:: INPUT MATERIAL

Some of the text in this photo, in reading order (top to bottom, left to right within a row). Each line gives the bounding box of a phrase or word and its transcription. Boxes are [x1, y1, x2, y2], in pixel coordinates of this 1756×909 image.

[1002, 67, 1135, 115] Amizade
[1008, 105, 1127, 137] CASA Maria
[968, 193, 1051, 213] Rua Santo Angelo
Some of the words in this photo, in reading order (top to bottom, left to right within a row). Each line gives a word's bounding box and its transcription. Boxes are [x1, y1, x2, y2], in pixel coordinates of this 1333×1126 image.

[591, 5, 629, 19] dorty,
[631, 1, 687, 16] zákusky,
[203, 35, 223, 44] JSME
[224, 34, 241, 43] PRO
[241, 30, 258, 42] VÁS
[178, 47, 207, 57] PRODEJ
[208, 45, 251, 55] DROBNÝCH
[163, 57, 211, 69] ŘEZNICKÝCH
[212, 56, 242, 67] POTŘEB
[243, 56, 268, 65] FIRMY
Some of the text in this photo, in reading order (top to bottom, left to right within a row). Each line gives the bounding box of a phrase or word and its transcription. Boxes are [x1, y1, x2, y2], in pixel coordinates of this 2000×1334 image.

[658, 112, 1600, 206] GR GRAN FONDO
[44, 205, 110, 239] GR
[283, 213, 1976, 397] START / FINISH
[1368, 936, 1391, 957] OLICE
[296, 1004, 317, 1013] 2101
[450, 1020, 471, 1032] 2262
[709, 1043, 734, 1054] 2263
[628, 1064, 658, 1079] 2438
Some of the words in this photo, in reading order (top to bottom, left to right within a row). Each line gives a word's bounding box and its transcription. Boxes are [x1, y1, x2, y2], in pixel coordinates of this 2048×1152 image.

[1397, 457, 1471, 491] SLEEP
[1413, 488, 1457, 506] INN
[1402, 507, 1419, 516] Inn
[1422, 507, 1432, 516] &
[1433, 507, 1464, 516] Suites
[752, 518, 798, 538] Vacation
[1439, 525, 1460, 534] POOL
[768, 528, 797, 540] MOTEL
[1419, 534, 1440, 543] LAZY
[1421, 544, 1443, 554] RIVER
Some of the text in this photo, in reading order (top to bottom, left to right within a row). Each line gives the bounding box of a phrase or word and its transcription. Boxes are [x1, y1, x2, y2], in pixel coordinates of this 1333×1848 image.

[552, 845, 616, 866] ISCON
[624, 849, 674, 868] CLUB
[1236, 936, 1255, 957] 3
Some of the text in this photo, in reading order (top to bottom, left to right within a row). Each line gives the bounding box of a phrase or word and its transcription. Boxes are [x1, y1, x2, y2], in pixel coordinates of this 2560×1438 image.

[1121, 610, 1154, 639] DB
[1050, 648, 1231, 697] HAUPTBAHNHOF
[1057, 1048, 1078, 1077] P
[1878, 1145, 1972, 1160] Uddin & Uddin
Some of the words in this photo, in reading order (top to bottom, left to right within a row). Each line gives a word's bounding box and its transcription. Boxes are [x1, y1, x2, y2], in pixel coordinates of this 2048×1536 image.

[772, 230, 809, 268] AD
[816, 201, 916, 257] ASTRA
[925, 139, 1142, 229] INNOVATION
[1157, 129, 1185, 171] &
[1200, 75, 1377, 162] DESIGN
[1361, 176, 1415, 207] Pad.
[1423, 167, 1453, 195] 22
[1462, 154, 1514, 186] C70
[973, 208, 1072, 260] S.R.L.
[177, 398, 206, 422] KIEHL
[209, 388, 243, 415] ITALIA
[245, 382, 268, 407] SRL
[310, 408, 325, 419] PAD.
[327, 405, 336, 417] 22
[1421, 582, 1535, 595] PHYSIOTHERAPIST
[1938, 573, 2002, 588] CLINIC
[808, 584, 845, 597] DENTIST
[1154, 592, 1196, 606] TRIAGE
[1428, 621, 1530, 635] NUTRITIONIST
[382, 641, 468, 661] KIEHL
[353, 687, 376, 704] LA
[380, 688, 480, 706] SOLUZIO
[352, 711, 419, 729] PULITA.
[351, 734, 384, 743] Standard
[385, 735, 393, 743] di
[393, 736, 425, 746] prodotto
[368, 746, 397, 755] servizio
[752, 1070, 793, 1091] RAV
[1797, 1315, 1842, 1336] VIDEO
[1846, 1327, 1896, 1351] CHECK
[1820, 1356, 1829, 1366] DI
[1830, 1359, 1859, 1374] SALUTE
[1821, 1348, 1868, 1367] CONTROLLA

::::

DIRECTIONS
Your answer must be the full listing above, reproduced exactly.

SOLUTION TO THIS EXERCISE
Some of the text in this photo, in reading order (top to bottom, left to right within a row). Each line gives the bounding box of a phrase or word and its transcription. Boxes are [x1, y1, x2, y2], in pixel coordinates of this 1756×909 image.

[1002, 67, 1135, 115] Amizade
[1008, 105, 1127, 137] CASA Maria
[968, 193, 1051, 213] Rua Santo Angelo
Some of the words in this photo, in reading order (top to bottom, left to right within a row). Each line gives a word's bounding box and its transcription. Boxes are [x1, y1, x2, y2], in pixel coordinates of this 1333×1126 image.

[591, 5, 629, 19] dorty,
[631, 1, 687, 16] zákusky,
[203, 35, 223, 44] JSME
[224, 34, 241, 43] PRO
[241, 30, 258, 42] VÁS
[178, 47, 207, 57] PRODEJ
[208, 45, 251, 55] DROBNÝCH
[163, 57, 211, 69] ŘEZNICKÝCH
[212, 56, 242, 67] POTŘEB
[243, 56, 268, 65] FIRMY
Some of the text in this photo, in reading order (top to bottom, left to right within a row). Each line gives the bounding box of a phrase or word and its transcription. Boxes are [x1, y1, x2, y2], in pixel coordinates of this 2000×1334 image.

[658, 112, 1600, 206] GR GRAN FONDO
[44, 205, 110, 239] GR
[283, 213, 1976, 397] START / FINISH
[1368, 936, 1391, 957] OLICE
[296, 1004, 317, 1013] 2101
[450, 1020, 471, 1032] 2262
[709, 1043, 734, 1054] 2263
[628, 1064, 658, 1079] 2438
Some of the words in this photo, in reading order (top to bottom, left to right within a row). Each line gives a word's bounding box and its transcription. Boxes are [x1, y1, x2, y2], in pixel coordinates of this 2048×1152 image.

[1397, 457, 1471, 491] SLEEP
[1413, 488, 1457, 506] INN
[1402, 507, 1419, 516] Inn
[1422, 507, 1432, 516] &
[1433, 507, 1464, 516] Suites
[752, 518, 798, 538] Vacation
[1439, 525, 1460, 534] POOL
[768, 528, 797, 540] MOTEL
[1419, 534, 1440, 543] LAZY
[1421, 544, 1443, 554] RIVER
Some of the text in this photo, in reading order (top to bottom, left to right within a row). Each line gives the bounding box of a phrase or word and its transcription. Boxes are [x1, y1, x2, y2], in pixel coordinates of this 1333×1848 image.

[552, 845, 616, 866] ISCON
[624, 849, 674, 868] CLUB
[1236, 936, 1255, 957] 3
Some of the text in this photo, in reading order (top to bottom, left to right within a row). Each line gives the bounding box of a phrase or word and its transcription. Boxes are [x1, y1, x2, y2], in pixel coordinates of this 2560×1438 image.

[1121, 610, 1154, 639] DB
[1050, 648, 1231, 697] HAUPTBAHNHOF
[1057, 1048, 1078, 1077] P
[1878, 1145, 1972, 1160] Uddin & Uddin
Some of the words in this photo, in reading order (top to bottom, left to right within a row). Each line gives a word's bounding box and its transcription. Boxes are [x1, y1, x2, y2], in pixel coordinates of this 2048×1536 image.

[772, 230, 809, 268] AD
[816, 201, 916, 257] ASTRA
[925, 139, 1142, 229] INNOVATION
[1157, 129, 1185, 171] &
[1200, 75, 1377, 162] DESIGN
[1361, 176, 1415, 207] Pad.
[1423, 167, 1453, 195] 22
[1462, 154, 1514, 186] C70
[973, 208, 1072, 260] S.R.L.
[177, 398, 206, 422] KIEHL
[209, 388, 243, 415] ITALIA
[245, 382, 268, 407] SRL
[310, 408, 325, 419] PAD.
[327, 405, 336, 417] 22
[1421, 582, 1535, 595] PHYSIOTHERAPIST
[1938, 573, 2002, 588] CLINIC
[808, 584, 845, 597] DENTIST
[1154, 592, 1196, 606] TRIAGE
[1428, 621, 1530, 635] NUTRITIONIST
[382, 641, 468, 661] KIEHL
[353, 687, 376, 704] LA
[380, 688, 480, 706] SOLUZIO
[352, 711, 419, 729] PULITA.
[351, 734, 384, 743] Standard
[385, 735, 393, 743] di
[393, 736, 425, 746] prodotto
[368, 746, 397, 755] servizio
[752, 1070, 793, 1091] RAV
[1797, 1315, 1842, 1336] VIDEO
[1846, 1327, 1896, 1351] CHECK
[1820, 1356, 1829, 1366] DI
[1830, 1359, 1859, 1374] SALUTE
[1821, 1348, 1868, 1367] CONTROLLA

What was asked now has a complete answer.